4.) Make friends with 
Global Voices Online. You will never ever regret it.

5.) Build global collaboration into assignments. My students have worked on basic things like researching a country as part of completing the required social studies curriculum. In order to take advantage of some of the information out there, I require students to get in touch with people who live in other places. This may be as simple as leaving a comment on a blog, a video or a picture. But requiring students to do this builds global contact into assignments.

6.) Keep a current list of other classrooms around the world who are blogging on your class blogroll. Regularly recommend people from other classes who are writing things that are interesting that your own students might want to read.

7.) Talk to your students. Once your students know that you want them thinking, listening, watching and learning about the world, they will begin to watch for new ideas they can bring into class and work with.


Kiran Bir Sethi: 

This, also from TEDTalks, caught my eye recently and has allowed me to reflect upon the ability that we all, especially children, have in taking a positive step in a direction that is of interest or concern to us. I Can!

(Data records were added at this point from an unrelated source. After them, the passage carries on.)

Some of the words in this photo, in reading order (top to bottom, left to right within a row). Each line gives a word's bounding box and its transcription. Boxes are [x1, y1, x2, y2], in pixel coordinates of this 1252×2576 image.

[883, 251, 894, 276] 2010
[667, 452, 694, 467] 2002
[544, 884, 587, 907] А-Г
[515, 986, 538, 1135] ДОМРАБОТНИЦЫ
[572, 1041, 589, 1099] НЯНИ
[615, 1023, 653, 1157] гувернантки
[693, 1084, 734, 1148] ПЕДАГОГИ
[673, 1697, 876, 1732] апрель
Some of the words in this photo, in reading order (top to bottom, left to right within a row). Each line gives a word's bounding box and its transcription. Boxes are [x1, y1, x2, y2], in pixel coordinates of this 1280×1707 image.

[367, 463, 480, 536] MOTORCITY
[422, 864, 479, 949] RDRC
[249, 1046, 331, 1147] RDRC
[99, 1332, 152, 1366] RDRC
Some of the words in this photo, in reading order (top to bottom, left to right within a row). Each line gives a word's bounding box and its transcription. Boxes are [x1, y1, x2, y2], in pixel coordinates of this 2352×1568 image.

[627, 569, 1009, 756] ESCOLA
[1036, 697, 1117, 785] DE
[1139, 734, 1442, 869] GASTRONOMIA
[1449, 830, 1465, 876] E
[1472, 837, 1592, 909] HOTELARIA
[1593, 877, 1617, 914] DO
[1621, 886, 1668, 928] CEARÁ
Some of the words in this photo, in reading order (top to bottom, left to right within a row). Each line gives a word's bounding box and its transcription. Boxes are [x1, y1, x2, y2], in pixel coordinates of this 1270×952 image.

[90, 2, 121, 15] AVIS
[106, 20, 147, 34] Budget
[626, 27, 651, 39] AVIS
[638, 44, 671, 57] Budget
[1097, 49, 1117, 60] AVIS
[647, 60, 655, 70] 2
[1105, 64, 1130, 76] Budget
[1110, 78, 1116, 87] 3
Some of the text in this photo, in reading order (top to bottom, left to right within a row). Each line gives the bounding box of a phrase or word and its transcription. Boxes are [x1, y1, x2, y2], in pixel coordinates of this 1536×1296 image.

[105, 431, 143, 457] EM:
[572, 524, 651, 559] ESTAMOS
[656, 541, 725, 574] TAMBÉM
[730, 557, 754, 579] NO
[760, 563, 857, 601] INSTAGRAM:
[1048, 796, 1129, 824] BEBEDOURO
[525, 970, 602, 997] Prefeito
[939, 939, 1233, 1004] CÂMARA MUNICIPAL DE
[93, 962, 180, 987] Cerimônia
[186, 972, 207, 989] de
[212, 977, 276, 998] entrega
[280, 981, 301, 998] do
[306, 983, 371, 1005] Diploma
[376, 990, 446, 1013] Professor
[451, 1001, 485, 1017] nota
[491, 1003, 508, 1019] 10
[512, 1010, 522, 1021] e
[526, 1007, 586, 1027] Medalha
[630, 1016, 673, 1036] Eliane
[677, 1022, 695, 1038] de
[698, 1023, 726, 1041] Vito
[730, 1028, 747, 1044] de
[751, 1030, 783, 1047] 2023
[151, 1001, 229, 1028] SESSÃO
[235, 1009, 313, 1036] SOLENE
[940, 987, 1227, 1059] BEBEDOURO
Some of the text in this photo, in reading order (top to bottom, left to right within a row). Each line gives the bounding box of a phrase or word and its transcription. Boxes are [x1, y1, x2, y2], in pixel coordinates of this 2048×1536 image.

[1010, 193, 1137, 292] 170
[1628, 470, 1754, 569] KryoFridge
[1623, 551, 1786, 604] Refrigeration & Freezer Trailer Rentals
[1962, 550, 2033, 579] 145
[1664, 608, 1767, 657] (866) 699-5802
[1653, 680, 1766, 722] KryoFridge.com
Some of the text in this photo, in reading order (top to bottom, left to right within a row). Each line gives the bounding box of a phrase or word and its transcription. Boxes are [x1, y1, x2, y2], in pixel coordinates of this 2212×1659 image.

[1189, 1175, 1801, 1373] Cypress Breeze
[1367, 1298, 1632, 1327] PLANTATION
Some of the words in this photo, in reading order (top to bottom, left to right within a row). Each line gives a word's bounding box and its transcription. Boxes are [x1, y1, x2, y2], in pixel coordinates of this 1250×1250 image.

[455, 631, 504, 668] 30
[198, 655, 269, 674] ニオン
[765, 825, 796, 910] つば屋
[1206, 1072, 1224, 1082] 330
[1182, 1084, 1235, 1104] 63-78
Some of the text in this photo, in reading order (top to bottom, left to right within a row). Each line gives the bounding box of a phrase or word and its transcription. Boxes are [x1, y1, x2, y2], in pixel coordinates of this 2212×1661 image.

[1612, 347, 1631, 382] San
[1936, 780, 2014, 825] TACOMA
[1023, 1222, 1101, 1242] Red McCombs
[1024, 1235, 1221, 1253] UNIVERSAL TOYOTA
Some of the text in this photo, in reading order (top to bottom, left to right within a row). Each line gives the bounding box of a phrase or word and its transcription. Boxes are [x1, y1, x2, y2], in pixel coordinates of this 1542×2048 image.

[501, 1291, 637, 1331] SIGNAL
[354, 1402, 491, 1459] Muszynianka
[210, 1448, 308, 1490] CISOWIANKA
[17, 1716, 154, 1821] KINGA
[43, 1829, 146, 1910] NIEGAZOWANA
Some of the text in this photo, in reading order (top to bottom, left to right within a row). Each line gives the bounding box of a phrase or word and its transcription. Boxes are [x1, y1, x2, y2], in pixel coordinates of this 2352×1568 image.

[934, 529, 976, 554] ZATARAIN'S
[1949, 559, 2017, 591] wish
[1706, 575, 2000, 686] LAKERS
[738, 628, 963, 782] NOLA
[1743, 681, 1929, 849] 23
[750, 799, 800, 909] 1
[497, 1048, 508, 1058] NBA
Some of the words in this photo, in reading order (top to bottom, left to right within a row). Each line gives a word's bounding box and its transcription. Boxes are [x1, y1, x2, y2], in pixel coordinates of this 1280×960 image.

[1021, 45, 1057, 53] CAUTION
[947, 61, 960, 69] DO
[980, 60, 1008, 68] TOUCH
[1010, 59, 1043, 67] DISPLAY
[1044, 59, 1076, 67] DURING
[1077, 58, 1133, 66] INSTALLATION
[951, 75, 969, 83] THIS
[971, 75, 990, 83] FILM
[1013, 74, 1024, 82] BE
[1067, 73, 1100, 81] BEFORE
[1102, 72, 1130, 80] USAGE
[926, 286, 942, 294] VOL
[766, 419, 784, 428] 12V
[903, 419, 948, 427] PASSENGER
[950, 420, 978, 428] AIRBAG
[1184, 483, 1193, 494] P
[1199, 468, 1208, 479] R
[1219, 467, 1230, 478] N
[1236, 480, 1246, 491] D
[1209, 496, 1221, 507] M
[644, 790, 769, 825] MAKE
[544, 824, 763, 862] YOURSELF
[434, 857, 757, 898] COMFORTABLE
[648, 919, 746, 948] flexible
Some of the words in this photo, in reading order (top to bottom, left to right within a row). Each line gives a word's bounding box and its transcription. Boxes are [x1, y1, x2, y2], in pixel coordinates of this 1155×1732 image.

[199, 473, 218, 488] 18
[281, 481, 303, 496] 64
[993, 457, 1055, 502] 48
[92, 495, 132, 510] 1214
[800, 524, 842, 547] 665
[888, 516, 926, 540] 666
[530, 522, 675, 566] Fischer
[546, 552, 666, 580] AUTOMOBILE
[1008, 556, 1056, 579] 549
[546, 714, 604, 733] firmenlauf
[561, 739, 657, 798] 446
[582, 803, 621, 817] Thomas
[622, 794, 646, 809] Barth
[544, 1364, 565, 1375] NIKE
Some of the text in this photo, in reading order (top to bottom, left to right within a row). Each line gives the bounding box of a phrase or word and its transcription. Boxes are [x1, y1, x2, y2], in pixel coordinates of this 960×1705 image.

David Warlick: Learning Lifestyle

This is a link to a blog post that David Warlick looks at trying to create a "learning community". 

Chris Lehmann: Principal SLA - Philidelipha

One of the best I have found. This is a 5 min speed talk about what school's should look in one man's opinion. I return to this when I need some direction on what a school needs to look like.   Link here

Alan November: Learning and technology

Alan provides a very accessible presentation on learning in the 21st century and what is might mean for us as educators and learners.

Find more videos like this on NL Connect

Gary Stager: My Hope for School

Gary Stager, an internationally recognized educator and consultant, has spent twenty-six years helping teachers on six continents make sense of their roles in the age of personal computing and schools more constructive places for children.
video platform video management video solutions free video player

Folk School: The Old Democracy School

     Krogerup lies in Humlebaek - an old fishing village - 35 km north of Copenhagen and 8 km south of Elsinore.  The dining room is straight out of the great manor park. If you go upstairs to the lecture hall dolls Sound and Sweden up from the east. To the west, the extension of the park will Krogerup forest opened by a long avenue of lime.
      School principal the first decade was Hal Koch. Current superintendent is Rikke Forchhammer. Each year, the College Krogerup a Hal Koch Award. 

This you Really Need to Learn. 

http://www.downes.ca/post/38502



Just a link for me to remember this great post from Stephen Downes.